A: Bronchopulmonary malformations include CPAM and bronchopulmonary sequestration (BPS). CPAM is caused by hamartomatous proliferation of airways during embryonic development and has an incidence of 1 case per 7500 live births. There are five types, each with distinctive clinical and morphologic features that correspond to their airway origins. CPAM type 1 is the most common type, accounting for more than two thirds of all cases, and it is often detected prenatally. CPAM type 1 is characterized by large cysts (measuring up to 10 cm in diameter) that are usually detected on prenatal ultrasound screening and would also be easily identified on chest radiography. CPAM type 2 is the second most common type, accounting for 10 to 15% of all cases. Affected patients present with respiratory symptoms within the first month after birth, and chest radiography shows multiple cystic spaces (measuring up to 2.5 cm in diameter) that result in a spongelike appearance.

Q: Are patients with intralobar BPS at risk of lung infection?

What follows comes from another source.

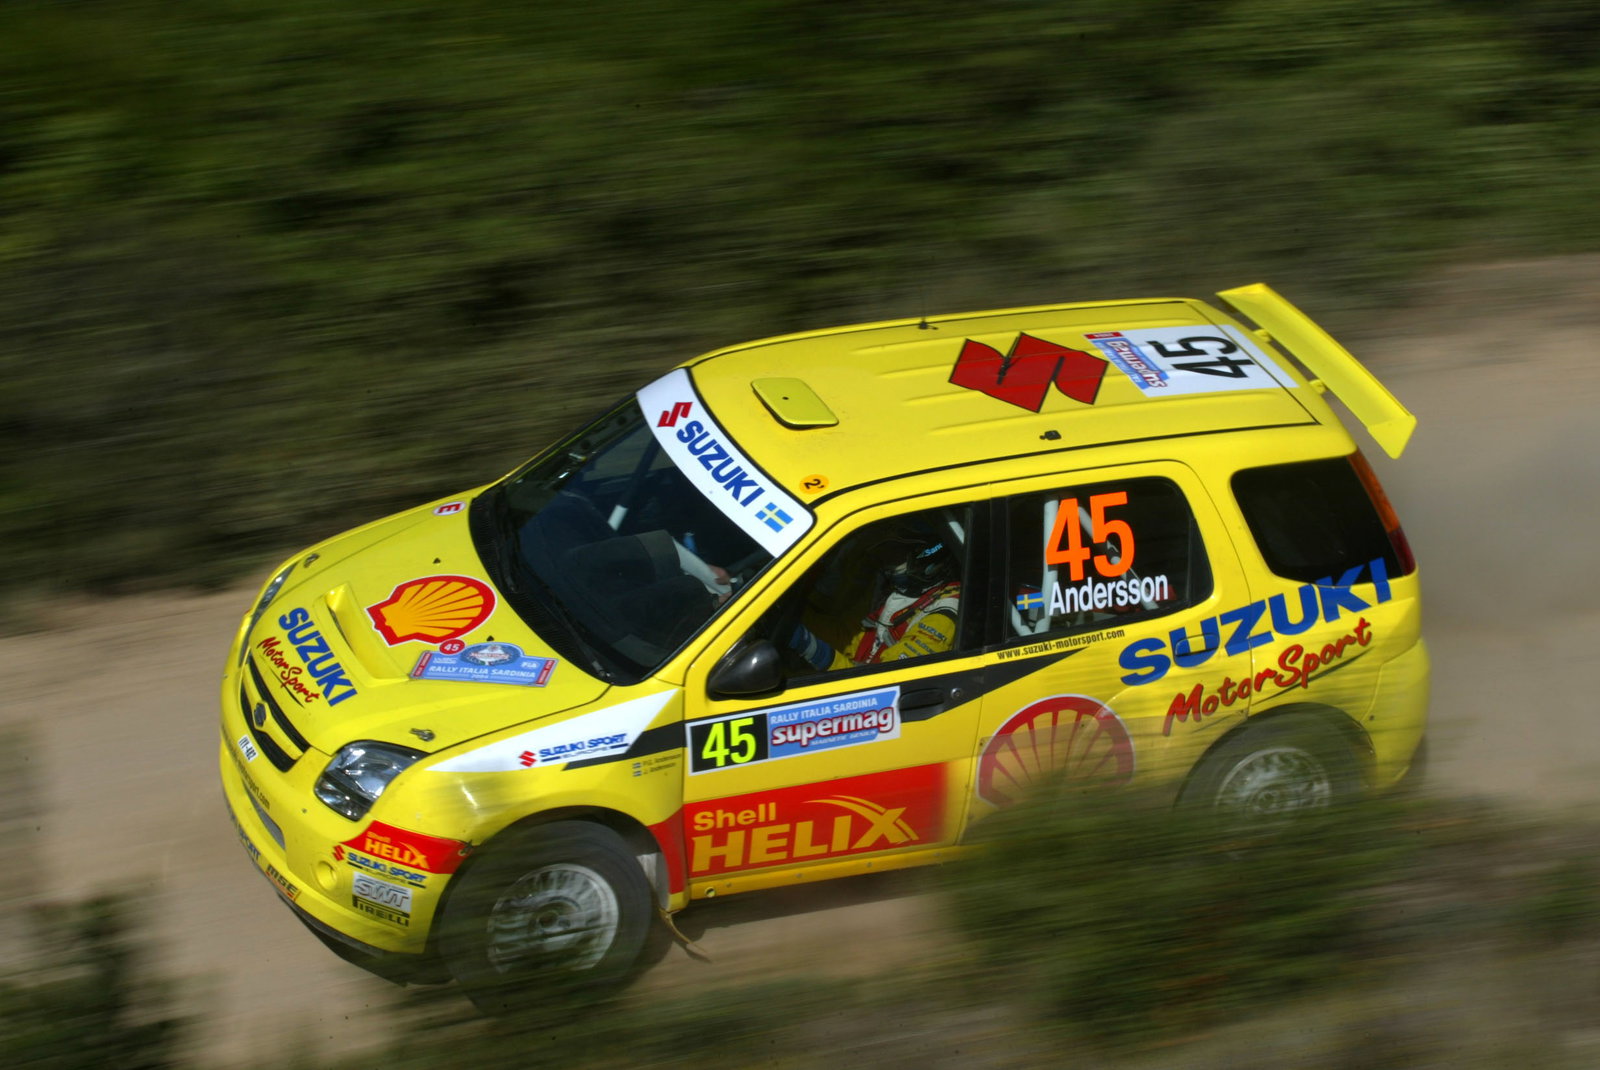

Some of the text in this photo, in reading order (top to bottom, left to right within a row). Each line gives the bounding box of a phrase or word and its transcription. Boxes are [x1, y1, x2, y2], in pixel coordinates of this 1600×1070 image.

A: BPS is a congenital malformation in which lung tissue is not connected to the tracheobronchial tree and the vascular supply to the involved lung parenchyma typically originates from the aorta. The malformation can be categorized as extralobar or intralobar. Extralobar BPS is encapsulated by its own pleura and is typically situated between the lower lobe and the diaphragm. Intralobar BPS, which is more common than the extralobar form, is integrated into the normal lung parenchyma and is usually located in a lower lobe (in 98% of cases), particularly in the medial and posterior basal segments of the left lower lobe. In patients with BPS, the lung parenchyma is not connected to the tracheobronchial tree; however, intralobar BPS is connected to the alveoli of the normal lung by the pores of Kohn, through which bacterial contamination can occur, leading to infection. Infection occurs in up to 70% of patients with intralobar BPS, with symptoms of infection developing as early as 6 months of age.